■ Data in this exercise:
_ _ _ _ _ _ _
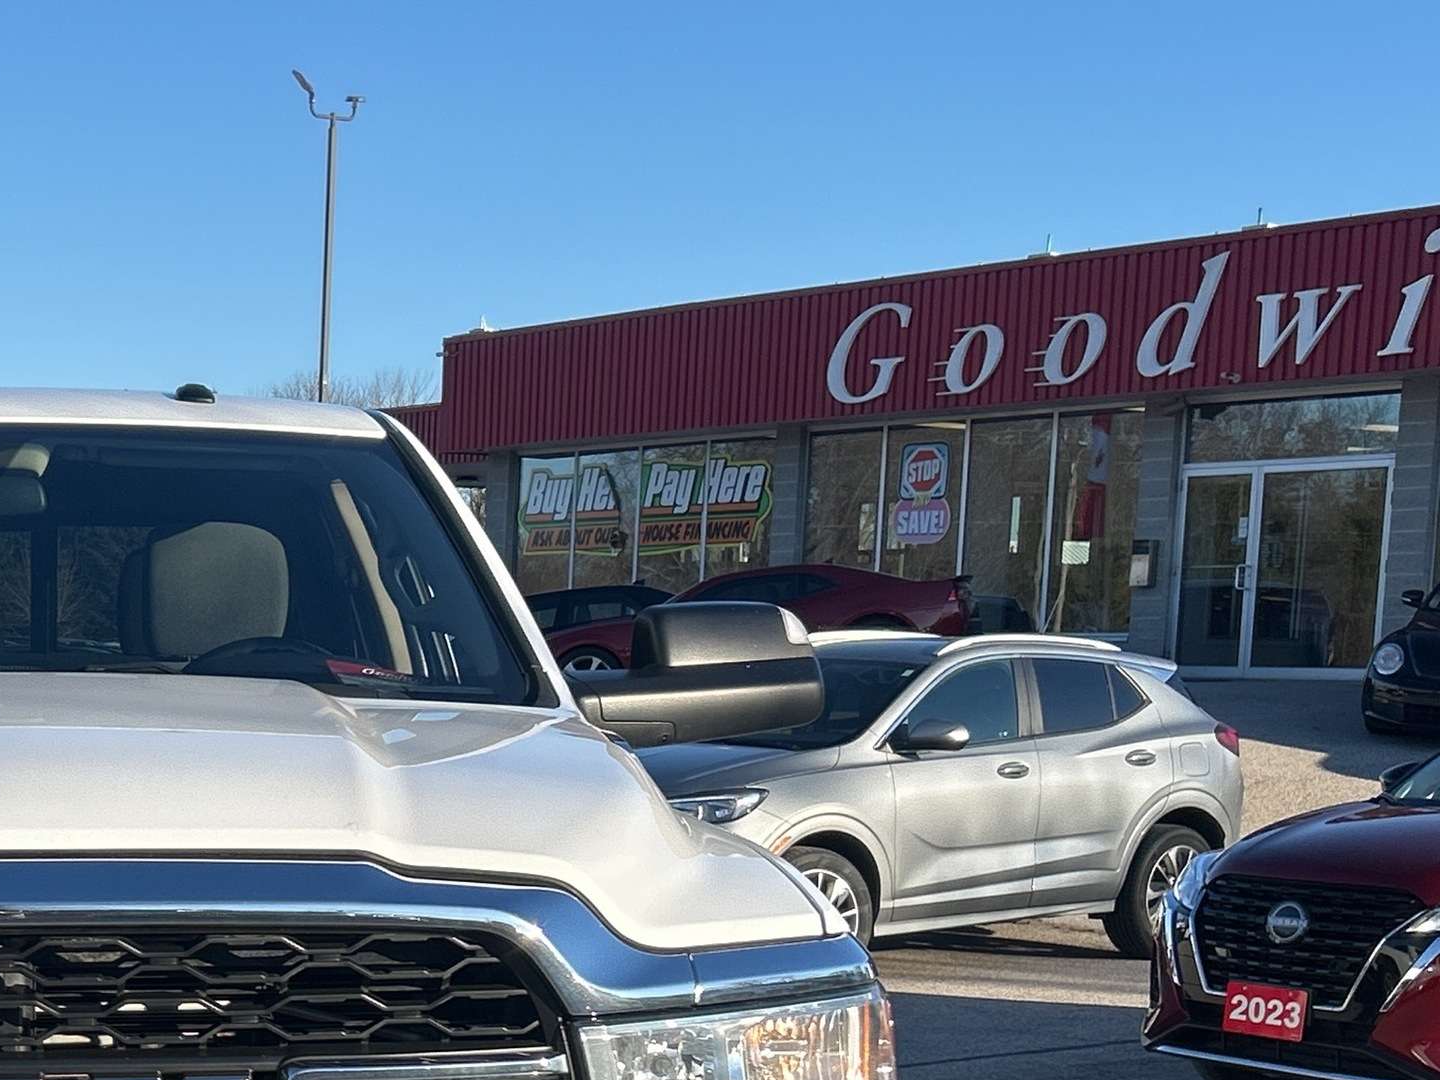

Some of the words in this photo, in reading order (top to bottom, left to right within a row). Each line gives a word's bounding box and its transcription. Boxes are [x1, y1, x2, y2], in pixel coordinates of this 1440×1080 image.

[826, 227, 1440, 405] Goodwi
[908, 459, 940, 482] STOP
[526, 472, 574, 521] Buy
[643, 463, 697, 514] Pay
[697, 459, 767, 505] Here
[896, 510, 945, 535] SAVE!
[531, 529, 554, 547] ASK
[1229, 994, 1301, 1029] 2023
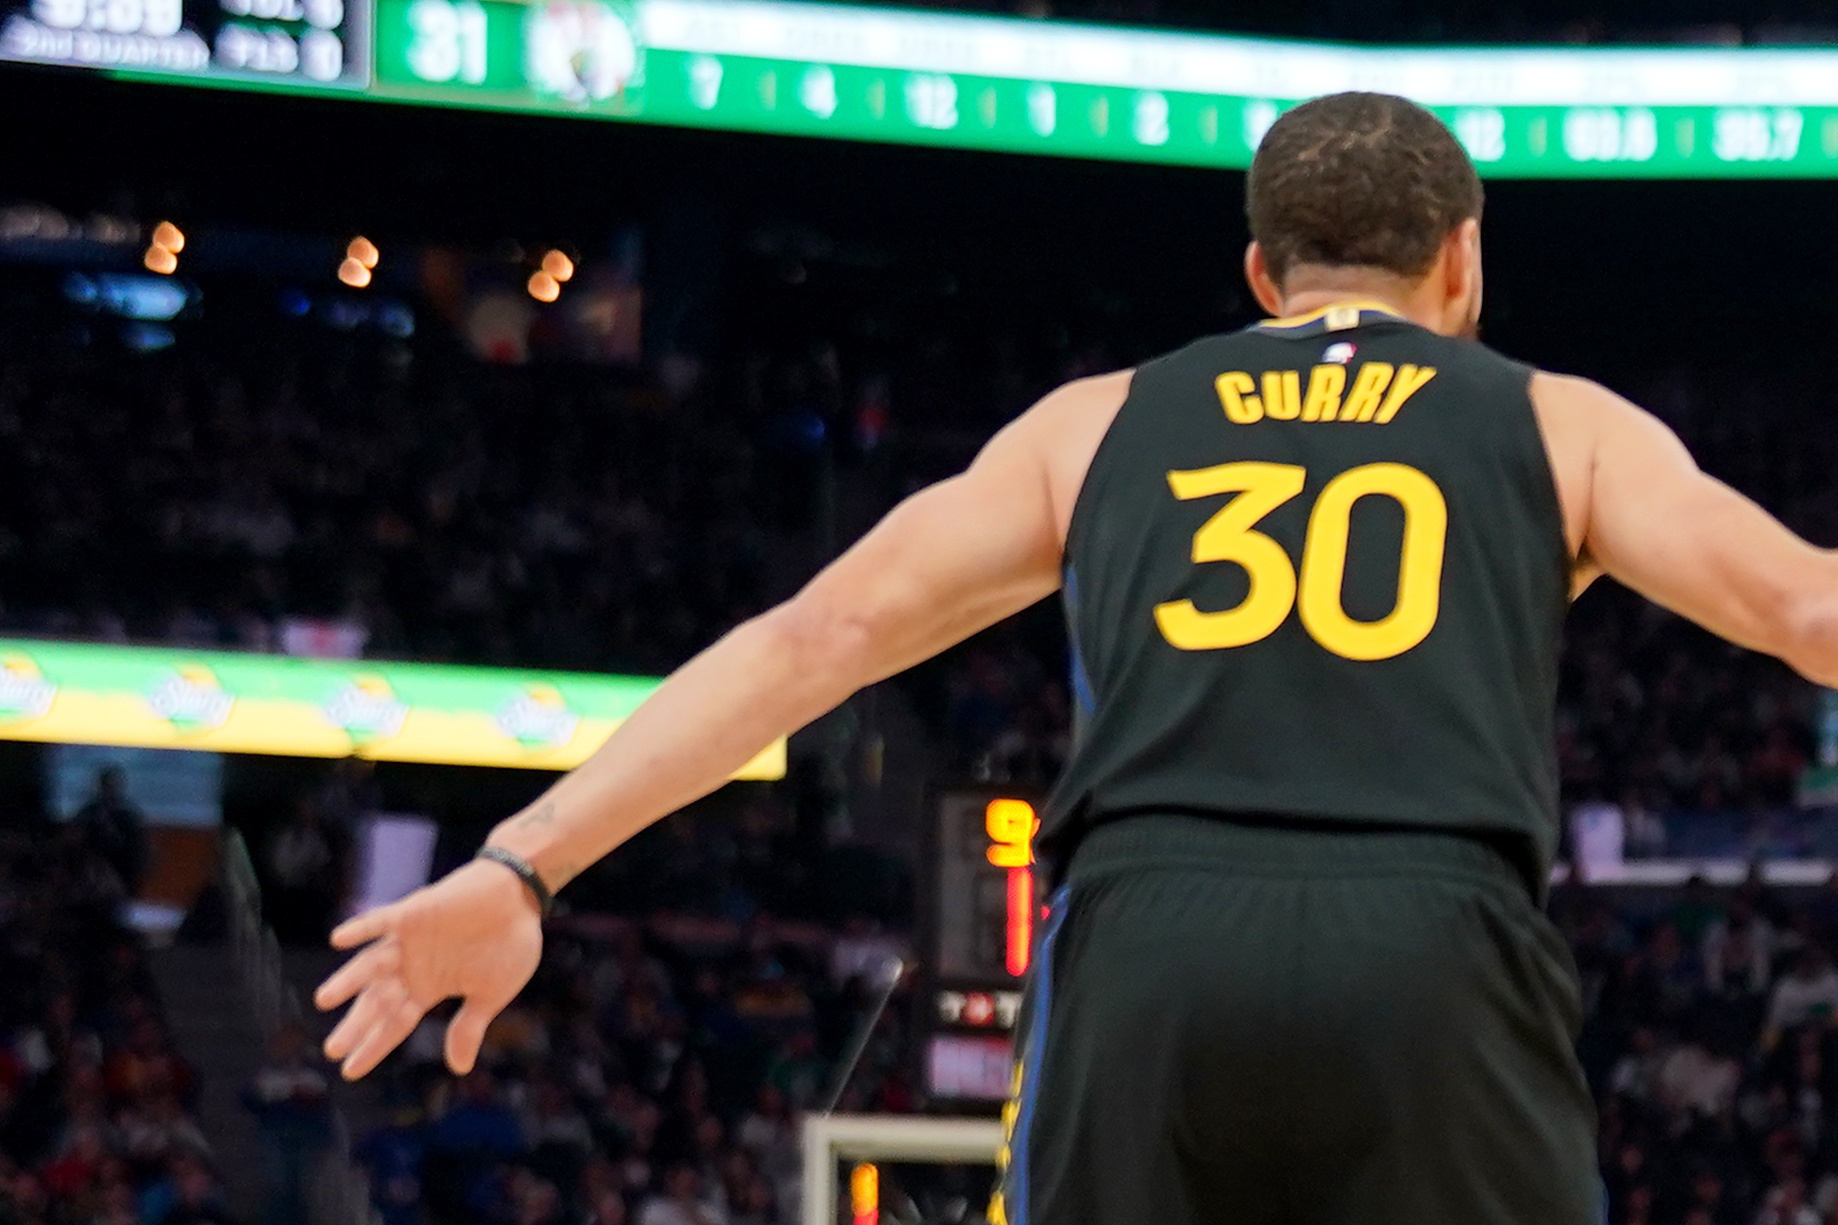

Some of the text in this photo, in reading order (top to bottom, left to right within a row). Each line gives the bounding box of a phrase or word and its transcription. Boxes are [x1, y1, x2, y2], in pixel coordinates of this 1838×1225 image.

[408, 2, 487, 84] 31
[1214, 360, 1438, 425] CURRY
[1153, 461, 1448, 661] 30
_ _ _ _ _ _ _
■ Task statement: Only the pictures are to be left out; restate everything else in the listing word for word.

■ Response:
Some of the words in this photo, in reading order (top to bottom, left to right within a row). Each line gives a word's bounding box and its transcription. Boxes are [x1, y1, x2, y2], in pixel coordinates of this 1440×1080 image.

[826, 227, 1440, 405] Goodwi
[908, 459, 940, 482] STOP
[526, 472, 574, 521] Buy
[643, 463, 697, 514] Pay
[697, 459, 767, 505] Here
[896, 510, 945, 535] SAVE!
[531, 529, 554, 547] ASK
[1229, 994, 1301, 1029] 2023

Some of the text in this photo, in reading order (top to bottom, left to right within a row). Each line gives the bounding box of a phrase or word and its transcription. Boxes are [x1, y1, x2, y2], in pixel coordinates of this 1838×1225 image.

[408, 2, 487, 84] 31
[1214, 360, 1438, 425] CURRY
[1153, 461, 1448, 661] 30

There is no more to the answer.